WE WILL AMEND AND COMPLETE THE INFORMATION IN
THIS PROSPECTUS. ALTHOUGH WE ARE PERMITTED BY
US FEDERAL SECURITIES LAW TO OFFER THESE
SECURITIES USING THIS PROSPECTUS, WE MAY NOT
SELL THEM OR ACCEPT YOUR OFFER TO BUY THEM
UNTIL THE DOCUMENTATION FILED WITH THE SEC
RELATING TO THESE SECURITIES HAS BEEN
DECLARED EFFECTIVE BY THE SEC. THIS
PROSPECTUS IS NOT AN OFFER TO SELL THESE
SECURITIES OR OUR SOLICITATION OF YOUR OFFER
TO BUY THESE SECURITIES IN ANY JURISDICTION
WHERE THAT WOULD NOT BE PERMITTED OR LEGAL.





SUBJECT TO COMPLETION B

                   Prospectus
                February 22, 2000


                XUNANTUNICH INC.
               21112 123rd Avenue
         Maple ridge, BC V2X 4B4 Canada

        1,510,000 Shares of Common Stock
to be sold by the registrant as issuer and
current shareholders

This is the initial public offering of common
stock of XUNANTUNICH INC. Inc. and no public
market currently exists for shares of XUNANTUNICH
INC. Inc common stock. Only a portion of the
proceeds from the sale of stock in this offering
will be available to XUNANTUNICH INC. Inc.  This
prospectus is part of a registration statement
that permits selling shareholders to sell their
shares on a continuous or delayed basis in the
future and permits XUNANTUNICH INC. Inc. to offer
for sale up to two million shares of its common
stock on a "self-underwritten" best efforts
basis.  The most recent sale of XUNANTUNICH INC.
Inc. common stock in October, 1999 at a price of
$0.001 per share.

This is a self-underwritten offering, and
XUNANTUNICH INC..
stock is not listed on any national securities
exchange or the NASDQ Stock Market.

THIS INVESTMENT INVOLVES A HIGH DEGREE OF RISK.
SEE ARISK FACTORS@ BEGINNING ON PAGE 1.

Neither the SEC nor any state securities
commission has approved or disapproved of these
securities or passed upon the adequacy or
accuracy of this prospectus.
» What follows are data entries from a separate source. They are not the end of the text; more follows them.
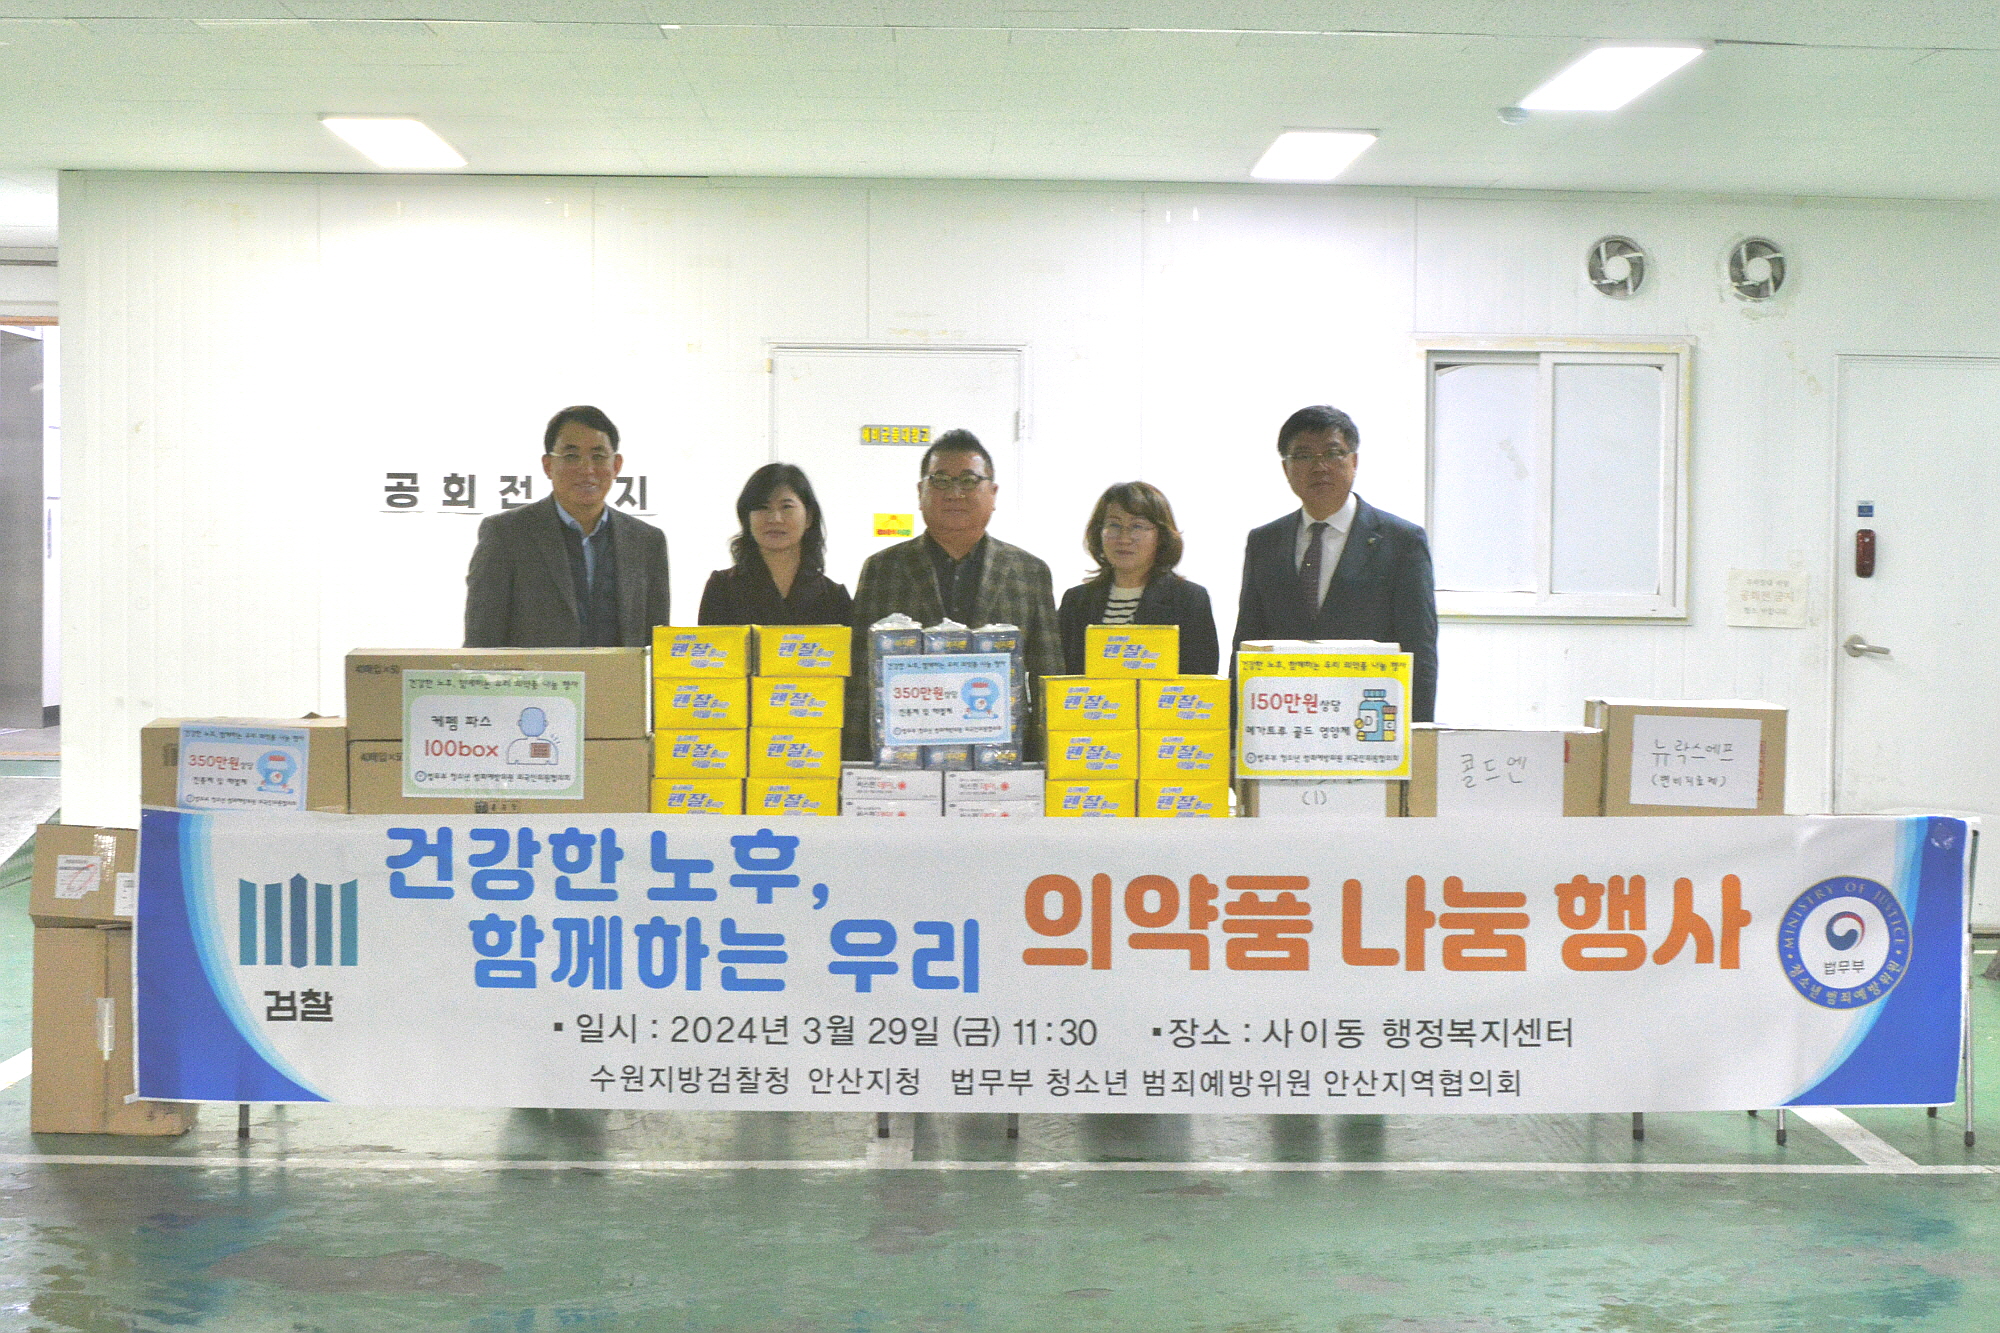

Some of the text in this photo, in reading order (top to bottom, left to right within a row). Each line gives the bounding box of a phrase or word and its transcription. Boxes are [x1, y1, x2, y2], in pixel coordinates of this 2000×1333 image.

[1251, 693, 1318, 714] 150만원
[465, 715, 492, 728] 파스
[1292, 726, 1314, 739] 골드
[1319, 726, 1350, 739] 영양제
[425, 739, 499, 757] 100box
[386, 826, 829, 910] 건강한 노후,
[1022, 873, 1752, 972] 의약품 나눔 행사
[1785, 882, 1905, 949] MINISTRY OF JUSTICE
[468, 913, 979, 993] 함께하는 우리
[1824, 960, 1865, 975] 법무부
[264, 989, 333, 1021] 검찰
[576, 1013, 637, 1043] 일시
[671, 1015, 789, 1045] 2024년
[803, 1015, 854, 1046] 3월
[868, 1016, 938, 1046] 29일
[953, 1015, 1000, 1047] (금)
[1013, 1018, 1097, 1046] 11:30
[1168, 1017, 1231, 1048] 장소
[1262, 1017, 1365, 1048] 사이동
[1382, 1017, 1573, 1048] 행정복지센터
[590, 1065, 1521, 1097] 수원지방검찰청 안산지청 법무부 청소년 범죄예방위원 안산지역협의회
Nor have they made,
nor will they make, any determination as to
whether anyone should buy these securities. Any
representation to the contrary is a criminal
offense.
PART I


     SUMMARY INFORMATION AND RISK FACTORS.


Description of Business

XUNANTUNICH INC. was incorporated under the laws
of the State of Nevada on April 2, 1999, and is
in the early developmental and promotional
stages.  To date, XUNANTUNICH INC. only
activities have been organizational, directed at
acquiring its principal asset, raising its
initial capital and developing its business plan.
XUNANTUNICH INC. has not commenced commercial
operations.  XUNANTUNICH INC. has no full time
employees and owns no real estate.

On April 5, 1999 XUNANTUNICH INC.  acquired from
David R. Mortenson & Associates of Alvin, Texas,
the rights to distribute and produce, in the
states of Arizona and Nevada, an oxygen enriched
water product for fish farming, aquaculture,
mariculture, the husbandry of poultry, and for
remediating animal waste from dairies, feedlots
of all kinds, and for other similar uses.
Mortenson acquired these rights from the
inventors of the product, N. W. Technologies,
Inc. under a distribution agreement.
Subsequently, the underlying contract granting
David R. Mortenson & Associates rights to the
technology came into dispute.

While not in any way desiring to withdraw or void
the above-mentioned assignment, David R.
Mortenson & Associates has agreed to grant
additional rights to XUNANTUNICH INC..  These
rights will enable XUNANTUNICH INC. to develop
and implement a business plan.

David R. Mortenson and Associates is the holder
of certain rights, obtained from
Vitamineralherb.com Corp. (Vita), to an Internet
system for the marketing of vitamins, minerals
nutritional supplements and other health and
fitness products.  DRM has granted XUNANTUNICH
INC. the exclusive rights to market all Vita
products to various health and fitness
practitioners for the Province of Alberta,
Canada.

Background

In recent years, the concept of a "virtual store"
has been realized with giants such as Amazon.com
and others.  These virtual stores allow the
freedom to shop at home, remain anonymous, enjoy
complete privacy, and have goods delivered to
your home or business with a minimum of effort
and a maximum of convenience.   Many individuals
and other concerns have the desire to establish a
virtual store but lack the knowledge, training
and significant funding needed.
Vitamineralherb.com Corp., through its licensing
and sub-licensing agreements has established a
virtual store that is designed to be operated by
those individuals and other concerns, mentioned
above.  In addition to marketing to its home
territory of California, will offer territories
for their concept to others in a turnkey package.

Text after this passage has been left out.